- [EXERCISE PROMPT]:
Below are some records. Pull every line that contains the word "SELECT".

[Stored data]
BEGIN

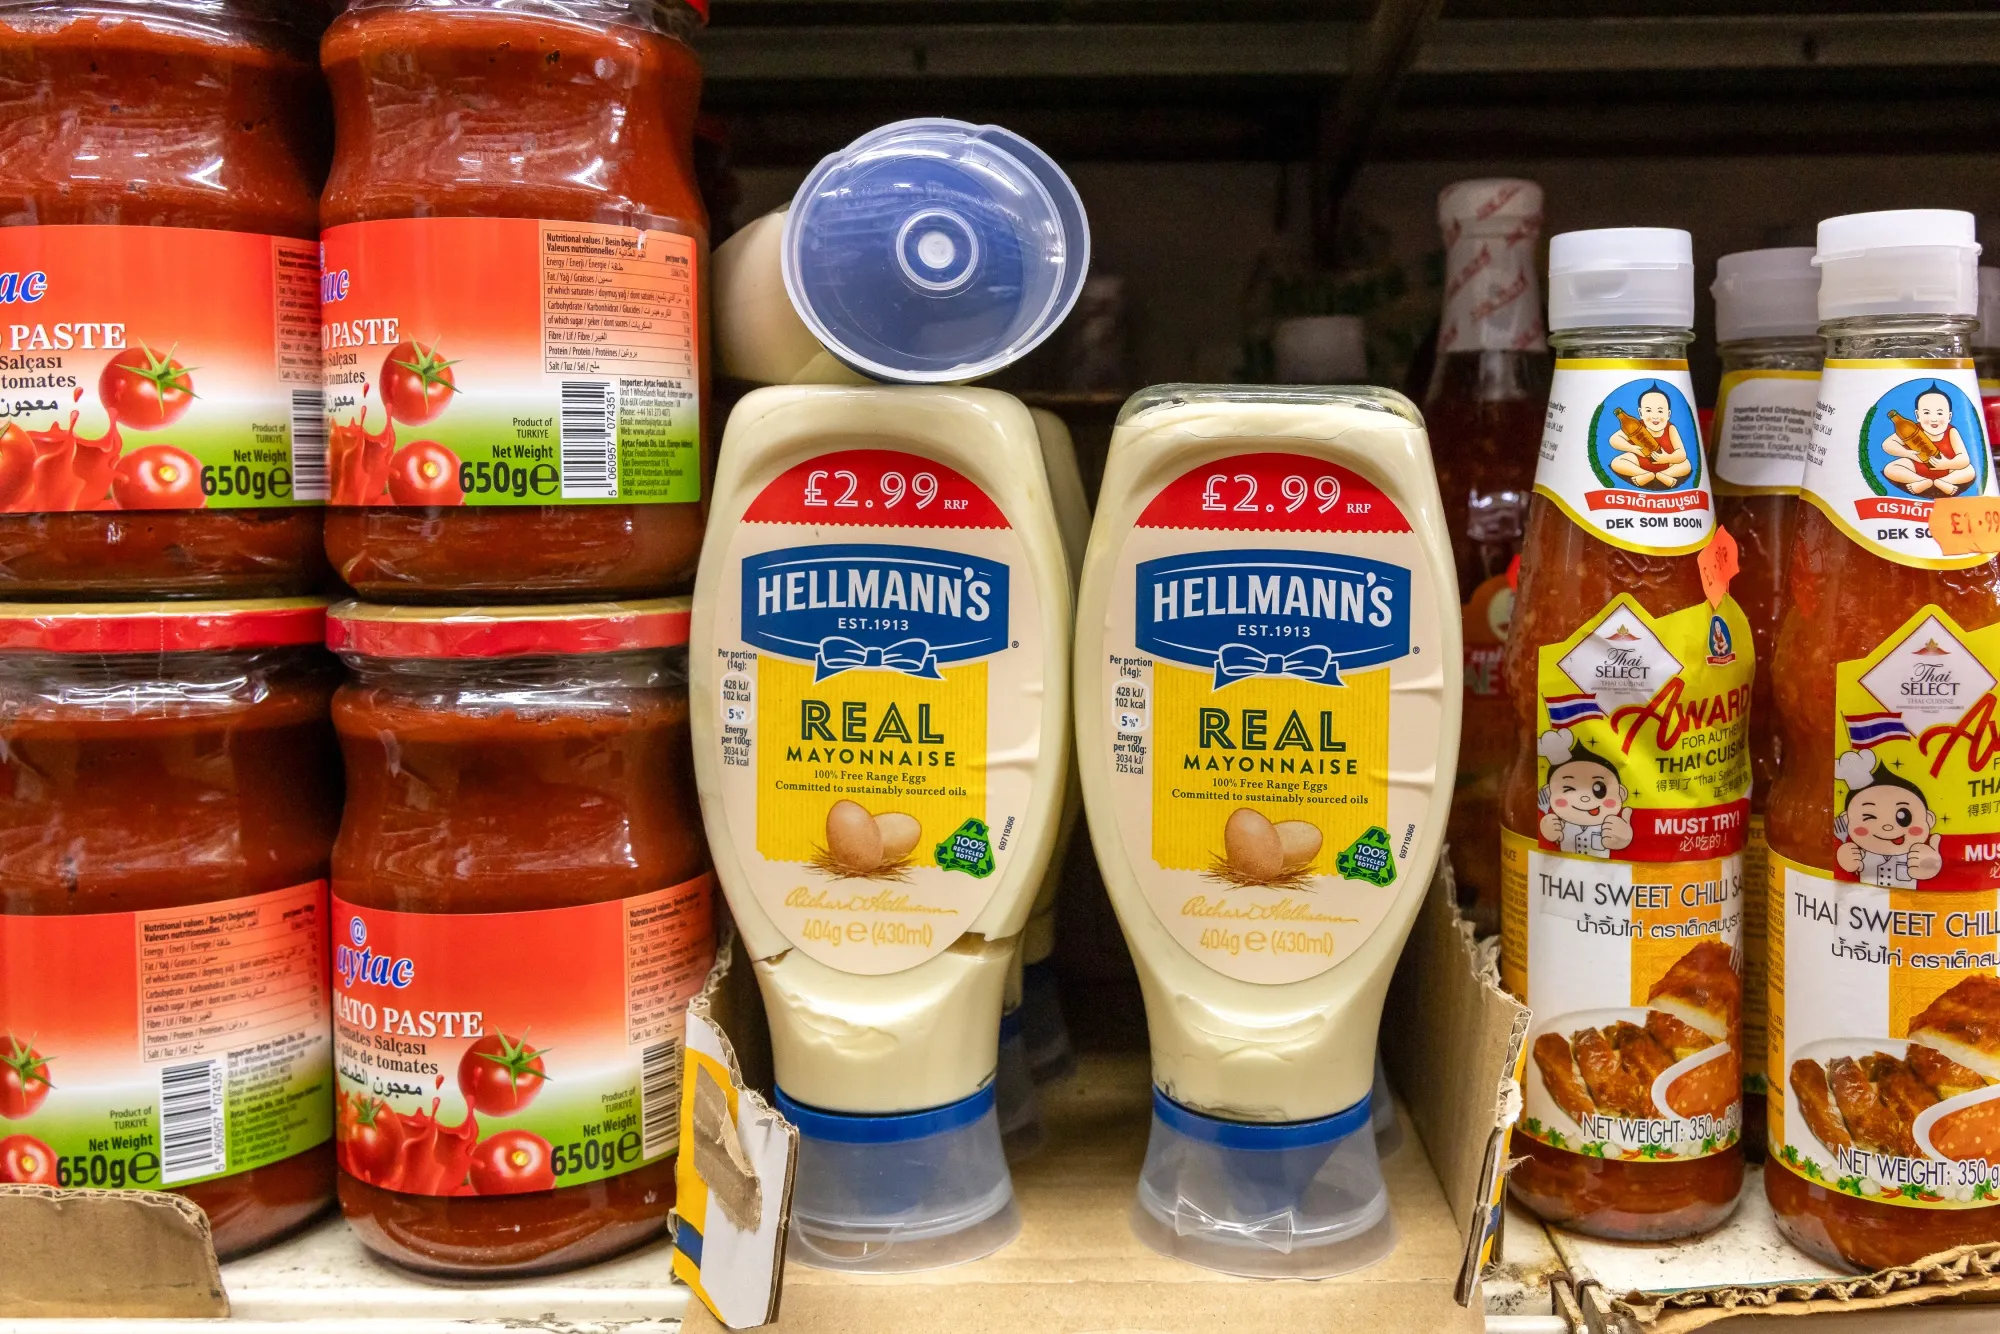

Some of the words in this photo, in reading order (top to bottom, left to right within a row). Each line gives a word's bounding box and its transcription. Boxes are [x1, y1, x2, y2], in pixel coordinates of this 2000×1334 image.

[547, 233, 580, 243] Nutritional
[582, 236, 600, 245] values
[547, 243, 570, 252] Valeurs
[571, 246, 614, 256] nutritionnelles
[546, 258, 564, 268] Energy
[574, 274, 594, 283] Graisses
[548, 301, 582, 312] Carbohydrate
[10, 323, 127, 350] PASTE
[332, 318, 400, 349] PASTE
[548, 331, 561, 340] Fibre
[578, 332, 590, 341] Fibre
[548, 346, 568, 355] Protein
[573, 346, 590, 356] Protein
[0, 355, 62, 372] Salçası
[549, 361, 560, 370] Salt
[2, 373, 76, 389] tomates
[329, 370, 366, 384] tomates
[607, 392, 616, 430] 074351
[252, 424, 278, 432] Product
[279, 424, 286, 432] of
[512, 418, 542, 427] Product
[544, 418, 552, 427] of
[234, 450, 252, 462] Net
[253, 450, 287, 465] Weight
[492, 445, 511, 458] Net
[514, 445, 554, 461] Weight
[608, 441, 616, 480] 060957
[804, 470, 938, 510] £2.99
[944, 500, 968, 510] RRP
[1202, 474, 1341, 514] £2.99
[1346, 503, 1372, 514] RRP
[1604, 492, 1700, 511] ตราเด็กสมบูรณ์
[1606, 518, 1634, 530] DEK
[1640, 517, 1668, 528] SOM
[1674, 516, 1702, 529] BOON
[1878, 528, 1908, 540] DEK
[1915, 528, 1933, 538] SO
[757, 566, 992, 622] HELLMANN'S
[1153, 572, 1394, 628] HELLMANN'S
[838, 618, 909, 631] EST.1913
[1238, 624, 1311, 638] EST.1913
[718, 648, 730, 658] Per
[730, 650, 758, 660] portion
[1110, 654, 1122, 664] Per
[1124, 657, 1152, 668] portion
[1604, 648, 1643, 666] Thai
[727, 660, 747, 671] (14g):
[1120, 666, 1142, 678] (14g):
[1595, 666, 1650, 680] SELECT
[1910, 663, 1952, 682] Thai
[724, 680, 736, 690] 428
[1116, 686, 1130, 696] 428
[1132, 688, 1144, 698] kJ/
[1900, 682, 1960, 696] SELECT
[722, 691, 735, 700] 102
[736, 692, 751, 702] kcal
[1115, 698, 1128, 708] 102
[1130, 698, 1146, 710] kcal
[801, 700, 944, 744] REAL
[1610, 677, 1750, 756] AWARD
[724, 724, 748, 737] Energy
[1200, 707, 1346, 752] REAL
[722, 736, 732, 745] per
[734, 736, 752, 748] 100g:
[1118, 732, 1142, 744] Energy
[1682, 734, 1706, 750] FOR
[724, 746, 738, 756] 3034
[786, 746, 956, 767] MAYONNAISE
[1114, 744, 1126, 753] per
[1127, 744, 1147, 756] 100g:
[724, 756, 735, 765] 725
[736, 757, 750, 766] kcal
[1116, 754, 1132, 763] 3034
[1184, 754, 1358, 774] MAYONNAISE
[1656, 753, 1700, 774] THAI
[1116, 763, 1128, 772] 725
[1130, 764, 1144, 774] kcal
[814, 770, 838, 780] 100%
[840, 770, 864, 781] Free
[866, 772, 899, 784] Range
[901, 772, 926, 786] Eggs
[1212, 778, 1238, 788] 100%
[1240, 778, 1264, 789] Free
[1267, 780, 1300, 792] Range
[1302, 781, 1328, 794] Eggs
[1656, 778, 1692, 792] 得到了
[775, 780, 831, 792] Committed
[833, 784, 844, 793] to
[846, 784, 904, 798] sustainably
[906, 786, 946, 796] sourced
[948, 786, 967, 796] oils
[1172, 788, 1230, 800] Committed
[1232, 792, 1244, 801] to
[1246, 792, 1304, 806] sustainably
[1307, 794, 1348, 804] sourced
[1350, 794, 1368, 804] oils
[1654, 817, 1708, 834] MUST
[1712, 810, 1740, 832] TRY!
[998, 815, 1016, 851] 69719366
[1398, 823, 1416, 859] 69719366
[952, 846, 984, 858] RECYCLED
[956, 836, 987, 852] 100%
[1358, 844, 1388, 860] 100%
[956, 852, 978, 862] BOTTLE
[1354, 854, 1386, 867] RECYCLED
[1357, 861, 1380, 872] BOTTLE
[1539, 873, 1584, 902] THAI
[1594, 882, 1672, 908] SWEET
[1681, 879, 1728, 906] CHILLI
[1794, 892, 1838, 926] THAI
[1850, 906, 1936, 936] SWEET
[1945, 912, 2000, 938] CHILL
[802, 918, 842, 947] 404g
[872, 922, 933, 948] (430ml)
[1577, 913, 1642, 938] น้ำจิ้มไก่
[1200, 928, 1240, 956] 404g
[1271, 930, 1334, 957] (430ml)
[1832, 936, 1900, 966] น้ำจิ้มไก่
[337, 944, 414, 988] aytac
[383, 1007, 484, 1038] PASTE
[374, 1036, 426, 1056] Salçası
[360, 1050, 372, 1066] de
[377, 1054, 438, 1074] tomates
[602, 1090, 628, 1103] Product
[110, 1110, 142, 1118] Product
[144, 1106, 152, 1116] of
[584, 1124, 600, 1138] Net
[603, 1114, 636, 1132] Weight
[1584, 1114, 1614, 1140] NET
[1620, 1119, 1684, 1144] WEIGHT:
[1690, 1114, 1712, 1141] 350
[89, 1138, 108, 1152] Net
[111, 1134, 153, 1150] Weight
[1838, 1147, 1870, 1176] NET
[1878, 1155, 1950, 1186] WEIGHT:
[1958, 1160, 1986, 1186] 350
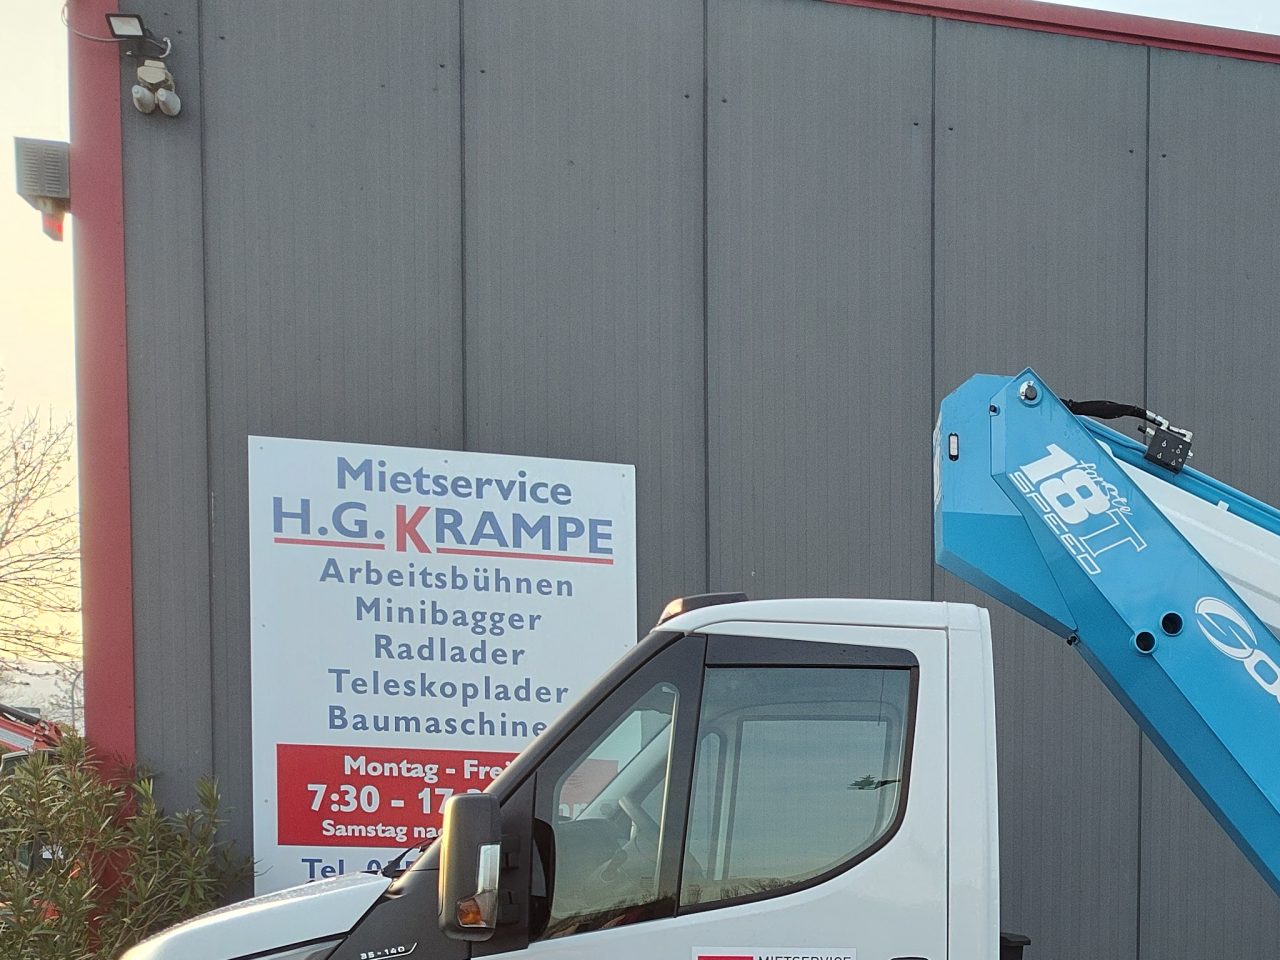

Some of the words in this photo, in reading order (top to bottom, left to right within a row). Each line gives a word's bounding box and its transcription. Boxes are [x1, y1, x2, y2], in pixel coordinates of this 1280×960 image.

[337, 456, 572, 505] Mietservice
[1009, 471, 1101, 574] SPEED
[320, 558, 573, 597] Arbeitsbühnen
[356, 597, 542, 636] Minibagger
[374, 634, 526, 665] Radlader
[328, 668, 569, 707] Teleskoplader
[344, 755, 439, 783] Montag
[307, 783, 380, 813] 7:30
[391, 799, 405, 808] -
[322, 819, 408, 842] Samstag

END

- [SOLUTION BELOW]:
[1595, 666, 1650, 680] SELECT
[1900, 682, 1960, 696] SELECT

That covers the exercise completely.